A Useless Social Analysis You Never Asked For

           As of late I have taken to randomly asking my work friends deeply invasive questions. Not because I want to know the answer, more so because their reaction to my boldness is often more telling than their response to my inquiry.

              On one occasion upon arrival to my waitressing job at a golf and country club, I sidled up to our busser and simply asked “Jordan do you consider yourself successful?”

              He sighed and started. “Well if we’re talking a big picture…”  

              To which I shushed him as I did not want to know, in case his answer would make me sad.

              Next I wandered up to our bartender. “Kevin.”

              “Salome! What’s up”

              “Do you go to raves so often because you enjoy the music and the dancing or are you running from something deeper?”

              He was in the middle of garnishing an old fashioned and only faltered slightly. He calmly finished his orange twist, dropped it in the beverage and stared at me blankly for a moment as the peel settled comfortably amongst the burgundy hued ice cubes. “I would think most people are running from something deeper.”

              I nodded. “that’s fair” I had said. I turned toward the server station to find my next victim and ran into my manager tacking up the weekly schedule.
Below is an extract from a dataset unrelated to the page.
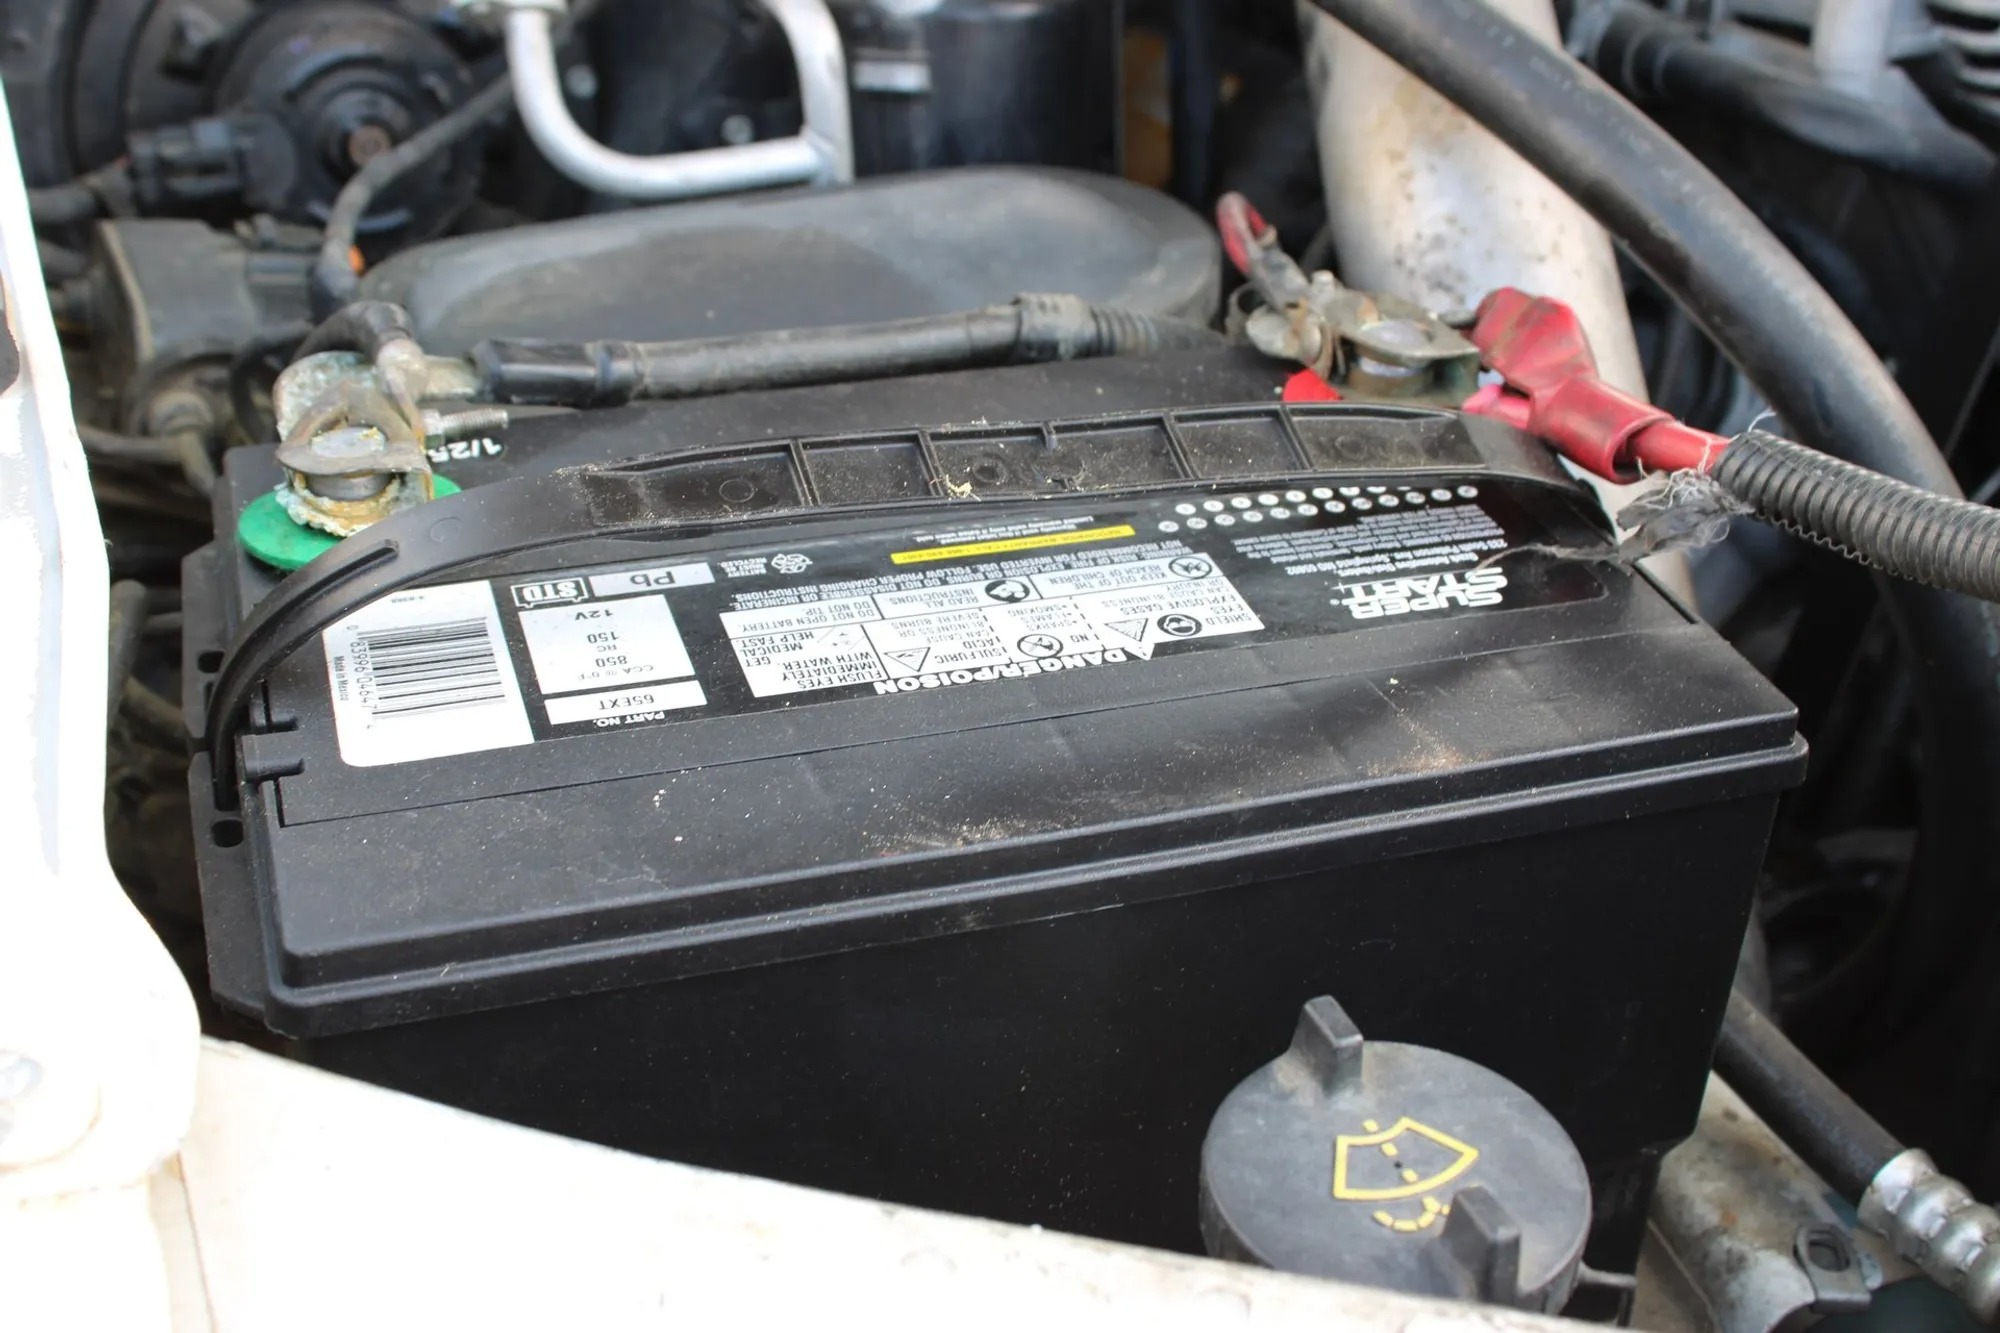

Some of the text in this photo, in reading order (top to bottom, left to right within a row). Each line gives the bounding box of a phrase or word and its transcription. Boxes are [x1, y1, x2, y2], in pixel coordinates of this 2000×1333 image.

I immediately whipped around to find a productive use of my time that my manager would approve of.

              Later that evening I was polishing silverware in the back when another one of my coworkers joined me in remedying the water spotted forks and spoons. I waited until we settled into a comfortable rhythm of steam, wipe, sort; steam wipe sort.



              “Do you think your fear of dying is rooted in the fact that this could be all there is or the possibility of what could come after?”
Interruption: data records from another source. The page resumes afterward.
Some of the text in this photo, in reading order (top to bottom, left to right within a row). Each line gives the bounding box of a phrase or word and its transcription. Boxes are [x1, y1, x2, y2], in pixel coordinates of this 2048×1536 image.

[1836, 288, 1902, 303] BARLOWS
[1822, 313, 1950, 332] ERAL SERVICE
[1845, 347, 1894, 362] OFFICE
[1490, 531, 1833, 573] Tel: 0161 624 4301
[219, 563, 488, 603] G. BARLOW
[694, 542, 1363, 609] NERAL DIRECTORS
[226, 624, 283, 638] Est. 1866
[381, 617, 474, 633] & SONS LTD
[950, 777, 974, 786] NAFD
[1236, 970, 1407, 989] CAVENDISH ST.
              Another coworker was eating Pub Mix in the corner and choked out a “Salome what the hell?”

              I ignored him.

              “I guess I’m more scared of something coming after. If I come back like this I’m going to come after whoever’s in charge” she had said after she finished laughing.


              Sometimes I did not have to go out of my way. One staff member is a disgruntled slightly racist and homophobic elderly woman who has been employed at the club for way to long. Janet considers herself highly traditional in American values. She has been nicknamed the Trump of the golf club.

              One afternoon I was making Shirley Temples in the server station when Janet walked in and started raving about the box of votives, as they were apparently in the wrong spot. Another server joked “damn Janet do you kiss your husband with that mouth?”

              To which she responded “We’ll he’s dead so I don’t”.  

            Throughout the day I noticed that most people though caught off guard were not too hesitant to respond truthfully and honestly; which I am yet unsure whether to feel alarmed or refreshed.

              See, I like the idea that as a generation we’ve all pondered the deeper throes of success, death, and emotional stability to the point that when ambushed with inquiries it’s not inconceivable - as much as it’s simply inappropriate timing – to ask and have an answer. I am also alarmed that to ask and have an answer merely constitutes a laugh and a flippant tone. Maybe we’re too numb to the gravity or maybe we’ve faced it enough times to not fall into an excisional crisis when comment is required.

          I’m not sure.

         Yet I am sure about one thing and one thing only. I highly doubt Janet’s deceased husband would have given a rats ass about the location of the votives and I don’t think Janet should either. The end.